Sergei Tchoban

Kunst als Inspirationsquelle: die Sammlung Tchoban

Sergei Tchoban ist ein weltweit tätiger Architekt, renommierter Künstler, überzeugter Stifter und nicht zuletzt passionierter Sammler. Ob seine Sammlung historischer Architekturzeichnungen eher die künstlerische oder berufliche Seite in ihm inspiriert, lässt sich schwer sagen. Fest steht, jeder Baustein ist wohlkuratiert.

IN NUR 22 JAHREN hat Sergei Tchoban Hunderte Architekturzeichnungen aus verschiedenen Ländern und Epochen zusammengetragen und damit eine der wichtigsten Sammlungen in diesem Segment geschaffen. Alles begann 2001 mit dem Erwerb eines Werks des Klassizisten Pietro di Gottardo Gonzaga (1751–1831): „Streng genommen war Gonzaga gelernter Bühnenbildner, empfand sich jedoch zeitlebens als Architekt. Seine Entwürfe waren überaus lebendig frei Hand gezeichnet. Kolonnaden, Raumabfolgen, Ornamente – alles in wunderbarer Sepiatusche oder als Aquarell. Meine persönliche Handschrift habe ich unter anderem aus seiner Kunst entwickelt“, erzählt Tchoban. Auf Gonzaga folgten viele weitere Meister der Architekturzeichnung, zum Beispiel Auguste de Montferrand, Jacques Androuet du Cerceau oder Hubert Robert. Manche der historischen Werke hat der Sammler ersteigert, viele wurden aus Privatbesitz an ihn herangetragen – die Szene ist klein, man kennt sich.

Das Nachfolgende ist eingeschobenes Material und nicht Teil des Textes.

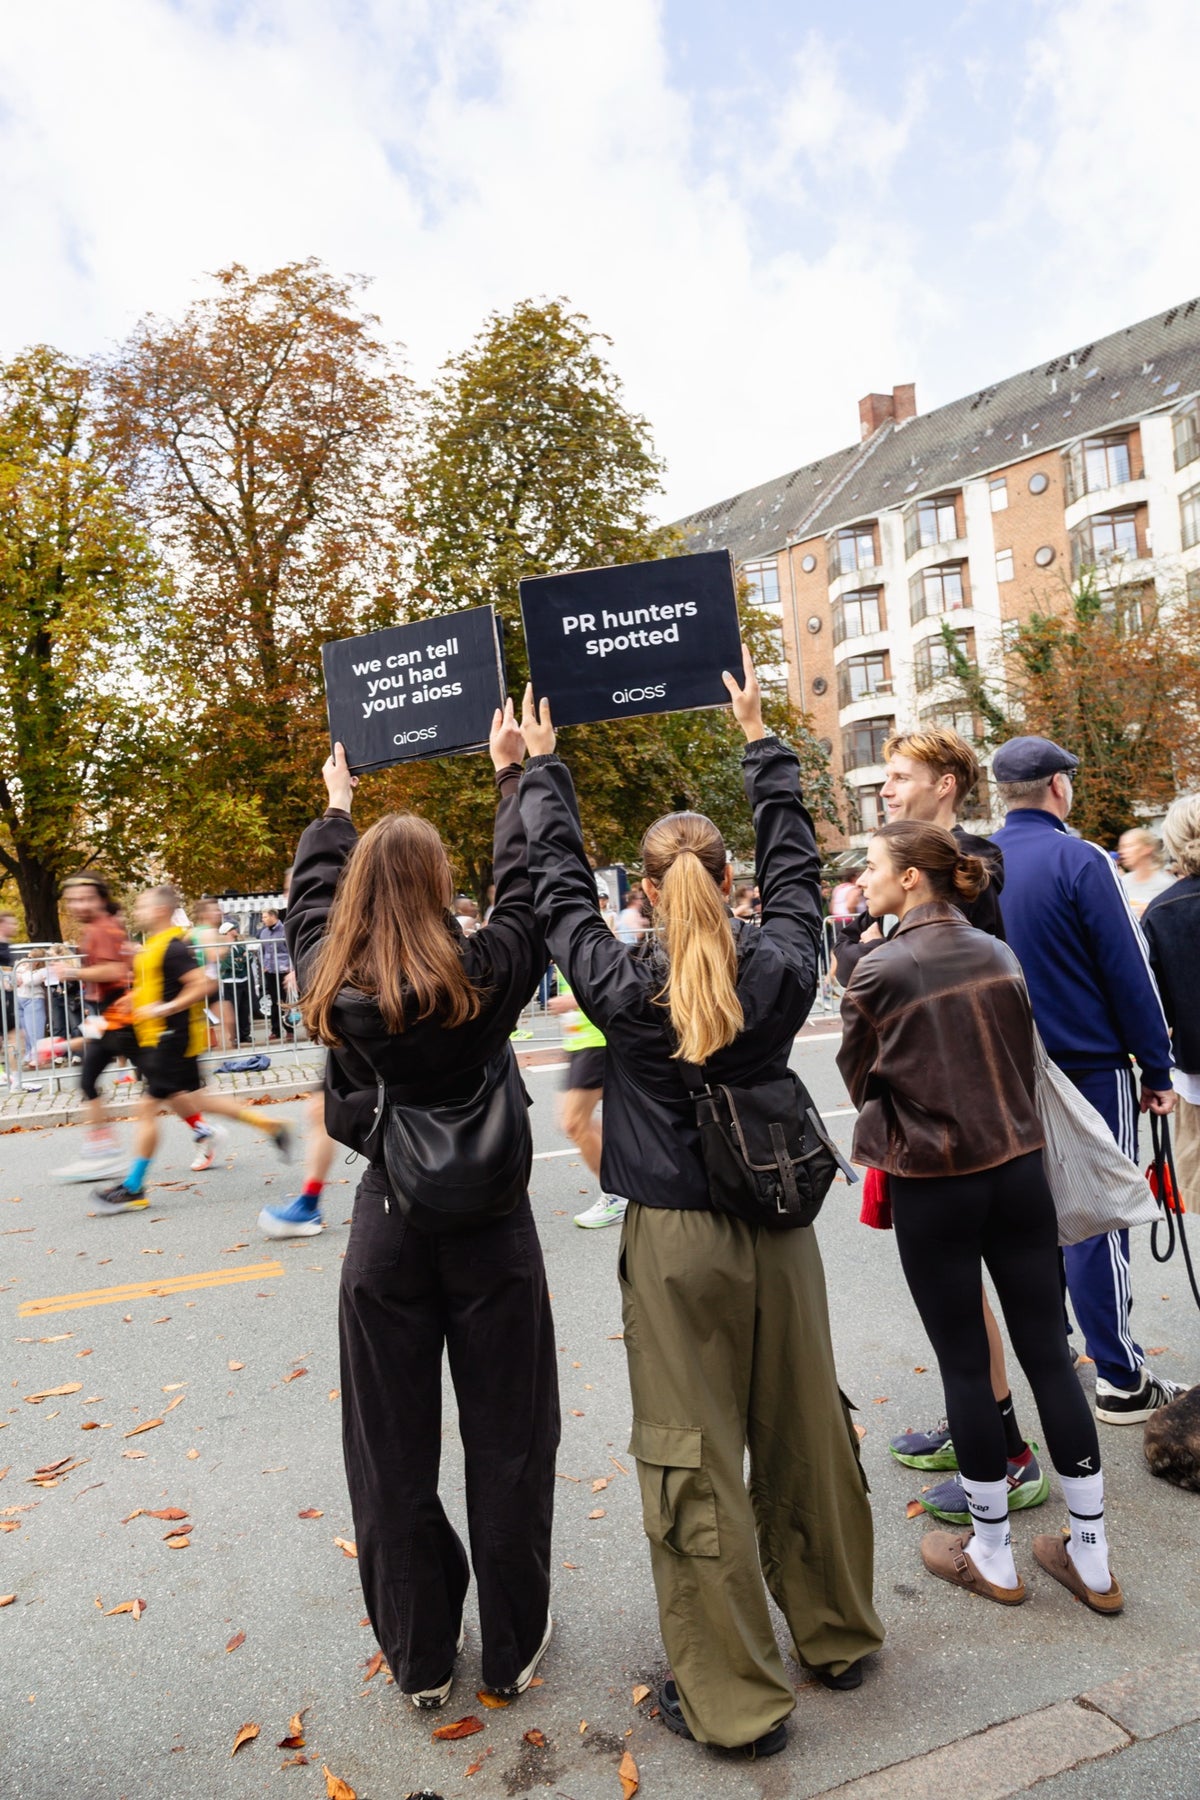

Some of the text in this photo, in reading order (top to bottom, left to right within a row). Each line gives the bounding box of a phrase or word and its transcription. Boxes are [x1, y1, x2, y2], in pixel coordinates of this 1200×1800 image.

SAMMELN IST FÜR SERGEI TCHOBAN nicht nur eine Frage der Passion, sondern auch der richtigen Organisation. Der Aufbau einer Kollektion ist in seinen Augen einem Baum vergleichbar: Die Gattung bildet den Stamm; von ihm gehen mächtigere und schmächtigere Äste ab. Diese Themen, Künstler und (Architektur) schulen werden sorgsam ausgesucht und kultiviert. Neue Sprossen können hinzukommen, doch ist der Vorgang durchaus nicht endlos. Wäre bei so viel Inbrunst in Sergei Tchobans Garten nicht noch Platz für einen weiteren Baum, ein weiteres Sammlungsfeld? „So große Möglichkeiten habe ich nicht. Architekturzeichnungen liegen in meinem Bereich. Letztlich dreht sich alles um meinen Beruf, ich bin Architekt und Zeichner“, führt der Sammler aus. „Für alles Weitere haben wir staatliche Museen. Ich bin der Ansicht, sie sollten stärker bei der Anschaffung und Ausstellung von Kunst unterstützt werden.“ Um seine Lieblingskunst mit der Öffentlichkeit zu teilen, gründete der Wahlberliner 2009 die Tchoban Foundation. Ihr Sitz befindet sich auf dem ehemaligen Gelände der Brauerei Pfefferberg in Prenzlauer Berg. In Ergänzung seiner Privatsammlung spezialisiert sich die Stiftung auf Zeichnungen international führender Architekten des 20. und des 21. Jahrhunderts, etwa Aldo Rossi, Gottfried Böhm oder Zaha Hadid.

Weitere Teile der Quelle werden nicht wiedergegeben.